Look what they've done to these blues!

      A fine fellow guitarist finally stopped by the other day to share some tunes and talk. The first thing he wanted to know about was my version of "One Kind Favor" that I played awhile back on Live 95 Breakfast Jam.

      See, he'd heard the 60's folk trio 'Peter, Paul, & Mary" perform it, and then more recently B.B. King's Grammy-award winning performance of the same classic tune. . . so where did I come up with my version? And after telling him it's from a recording of the immortal Blind Lemon Jefferson, he asked where Blind Lemon picked up the tune from.
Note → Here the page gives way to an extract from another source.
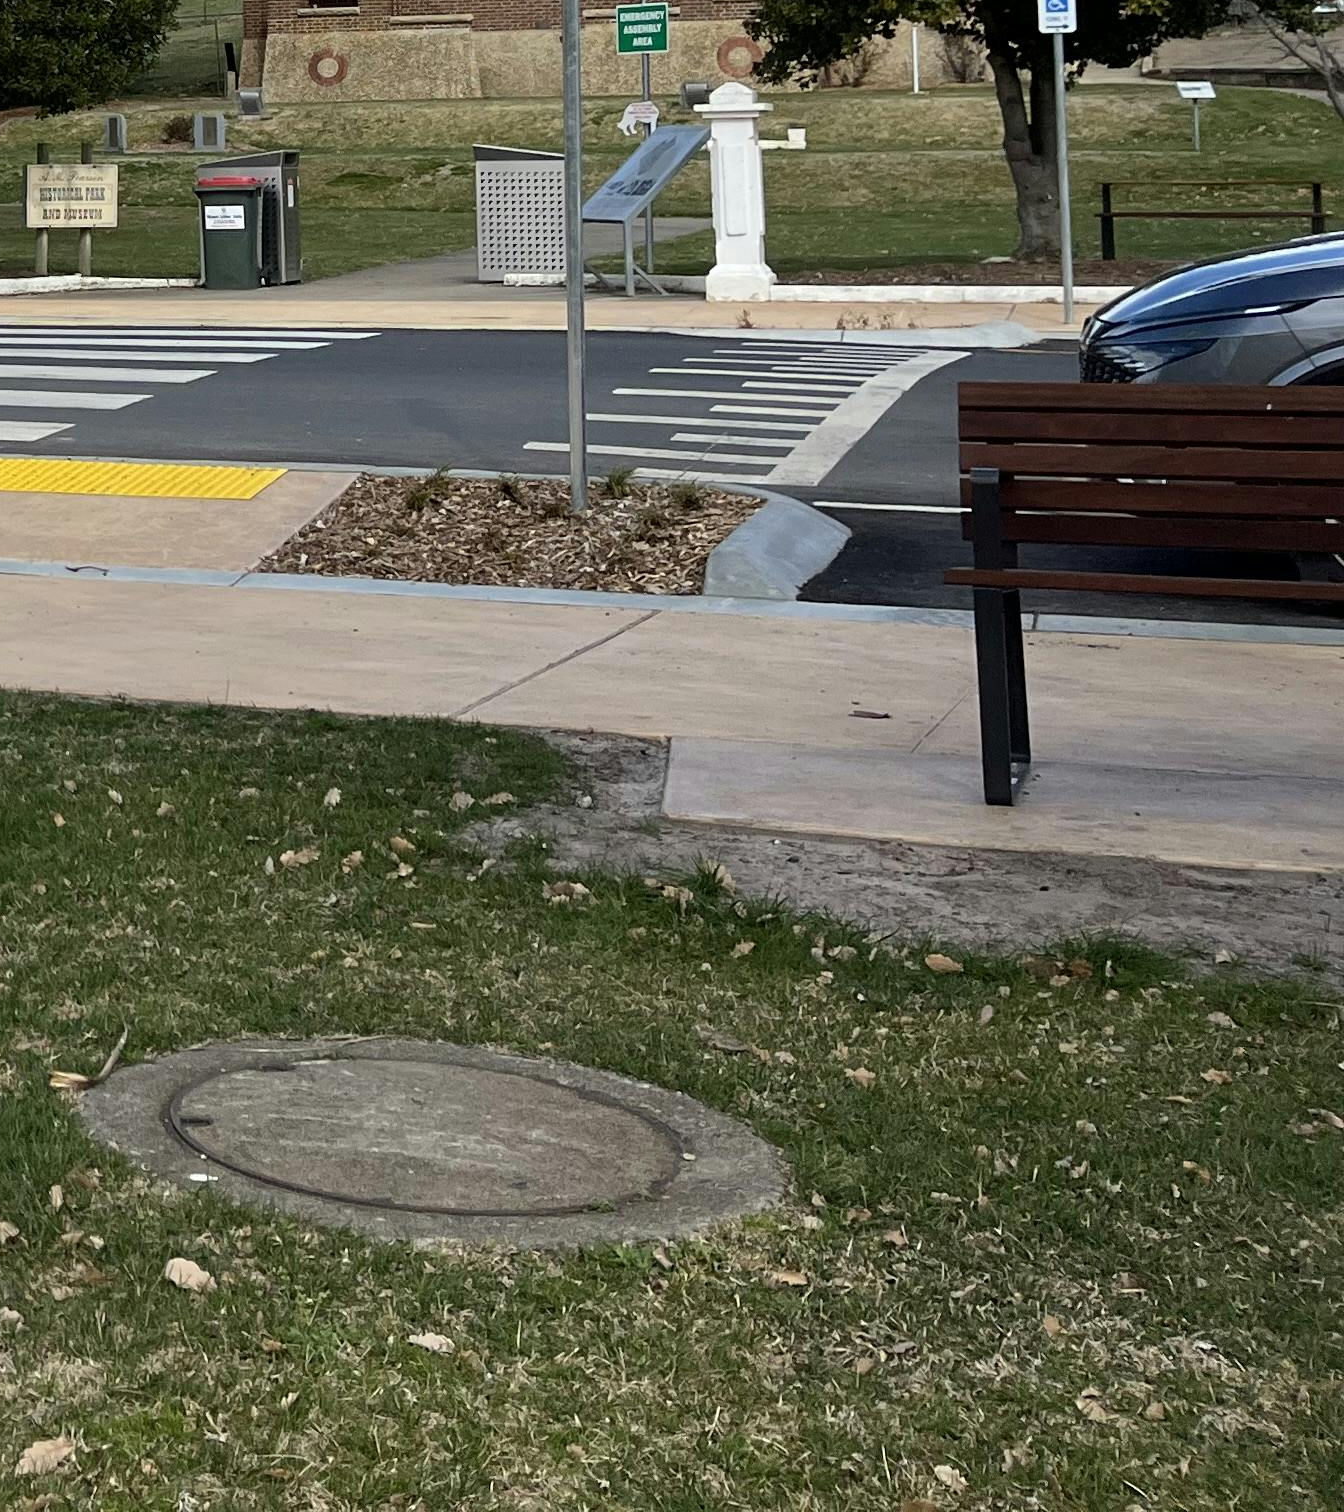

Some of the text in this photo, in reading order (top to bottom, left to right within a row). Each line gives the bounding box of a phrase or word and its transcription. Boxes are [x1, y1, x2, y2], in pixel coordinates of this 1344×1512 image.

[619, 11, 665, 22] EMERGENCY
[623, 23, 662, 35] ASSEMBLY
[632, 37, 653, 47] AREA
[42, 208, 103, 220] AND MUSEUM
    I'm sure he meant well, but comments like this sometimes leave me mortified. If you actually listen to Blind Lemon singing and playing this tune http://www.youtube.com/watch?v=pX3mxjtpyBc you will readily understand that this man is most likely the originator of the song. This is circa 1928, a very infantile period in recorded music, decades previous to multi-track recording and guitar tabs on the internet; Who (I ask) would have handed this song down to him in this particular form?
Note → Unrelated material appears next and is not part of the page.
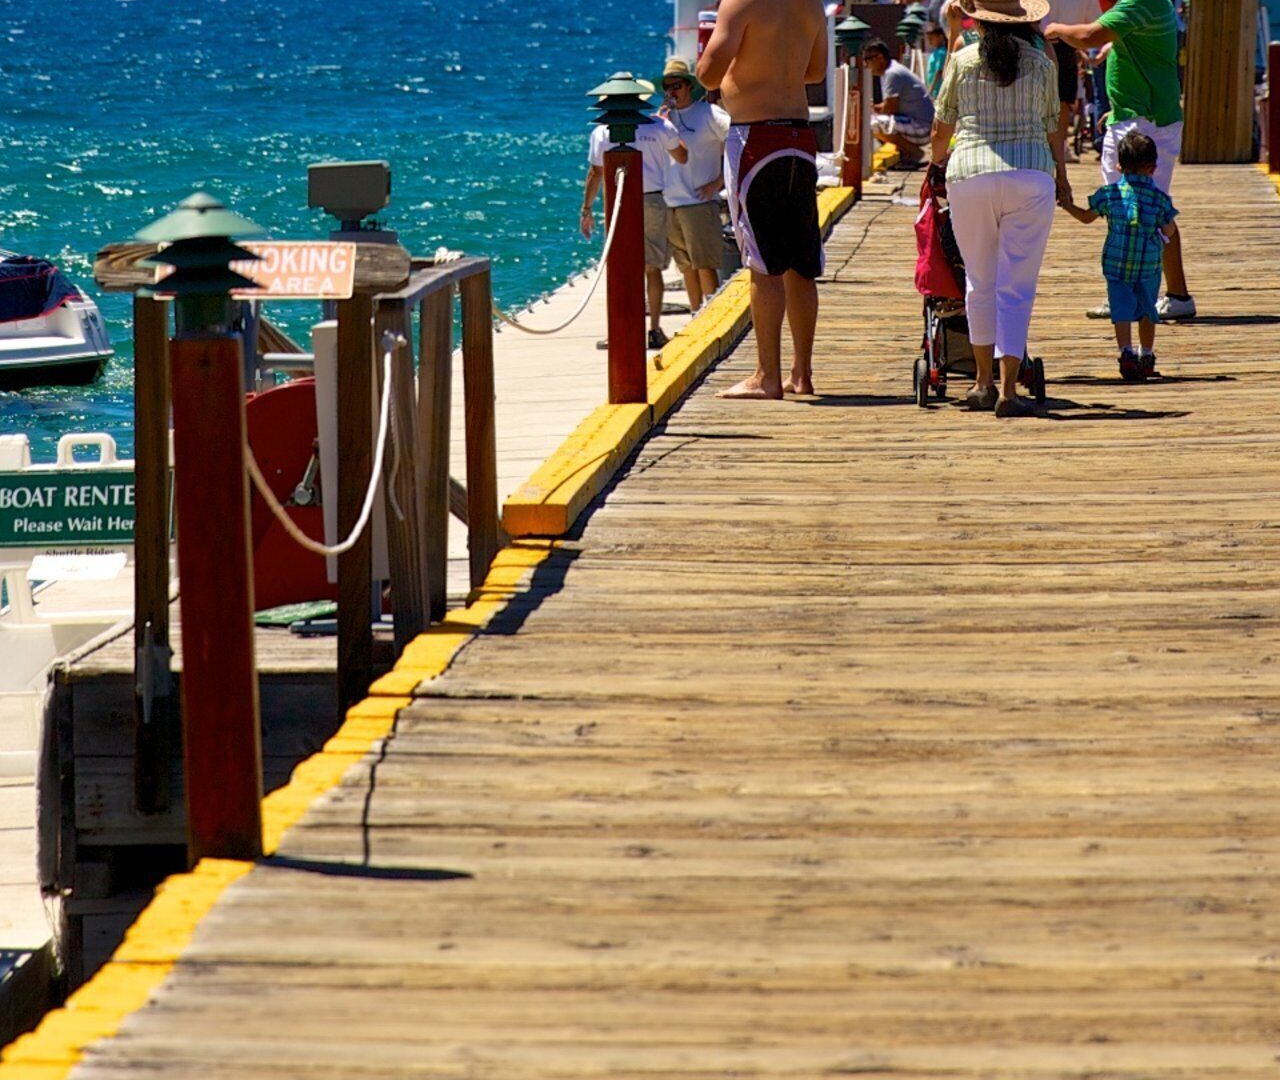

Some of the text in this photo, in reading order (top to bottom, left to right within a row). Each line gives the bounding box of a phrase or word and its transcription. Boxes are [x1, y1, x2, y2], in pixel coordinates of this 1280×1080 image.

[269, 276, 335, 294] AREA
[64, 484, 135, 508] RENTE
[13, 515, 135, 533] Please Wait Her
    It seems to me that even if this was a traditional, Blind Lemon put his own indelible thumbprint on this tune. If the tune doesn't grab you, well, "different strokes for different folks" I say, but you show me someone  else with the type of mastery exhibited in playing those guitar licks and phrasings while singing those lines, and I'll show you a man/woman (That's right -- political correctness since 1981, friends. . .) who's done his/her homework.
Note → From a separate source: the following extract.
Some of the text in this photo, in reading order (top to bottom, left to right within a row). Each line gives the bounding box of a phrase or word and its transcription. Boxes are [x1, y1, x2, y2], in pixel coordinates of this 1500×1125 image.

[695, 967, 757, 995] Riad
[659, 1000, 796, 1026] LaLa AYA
   You know, this happens all the time with the blues. It's a well-known fact that the early bluesmen swapped tunes around like sports trading cards, but that's not my point here. My point is the lack of understanding about the blues and its origins by the so-called spokespeople of the genre, and the total disregard for the true originators of the music.

  Never mind Robert Johnson and all the mutations of his tunes through the years-- that's fairly well-known information. Here are a few other cases in point:

   Skip James, 'I'm So Glad' -- http://www.youtube.com/watch?v=VcaH-U4x-T0
   Cream, same title -- http://www.youtube.com/watch?v=iTZ4IYPy_cE

   I often wonder what Eric Clapton was thinking as he was stripping the gears on this marvelous impresario of guitar mastery.

   And again:

     Blind Willie Johnson, "Nobody's Fault But My Own" -- http://www.youtube.com/watch?v=Y_o4omd8T5c

     Led Zeppelin, Same title -- http://www.youtube.com/watch?v=esZ15n6_5JY

    Well, one thing you can say for The Zep -- They sure knew how to pick 'em.

     If your prefer the rockers' versions in these examples, that's your right. But to insist that you're "into the blues" by referencing Eric, the Jimmies, and Janis. . . well your history is worse than your hearing.

     I would be the first to admit that a heavy dose of the early bluesmen's music can have you wondering if you just heard the same song the track before last. These guys (sorry Ladies -- except for Elizabeth Cotton there are few female instrumentalists/composers during this era), for all their enormous talent and presence, tended to be "one trick ponies" that had only one turning for a guitar and a melodic range of about 4-5 notes.

     Furthermore, their sound is often anything but sonorous. At first you might cringe and want to stand back apiece, wondering what that was all about, but then that emotion starts splashing around again, and the next thing you know your standing on that slippery river  bank, all set to fall in.

    And that's the way it is with the blues. They never went around begging for someone to listen. They aren't ashamed to borrow, nor afraid to improvise on what they've got. They tend to humble imitators, glorify originators. They are genuine, defying our descriptions, making us suddenly wonder what the hell we're even talking about.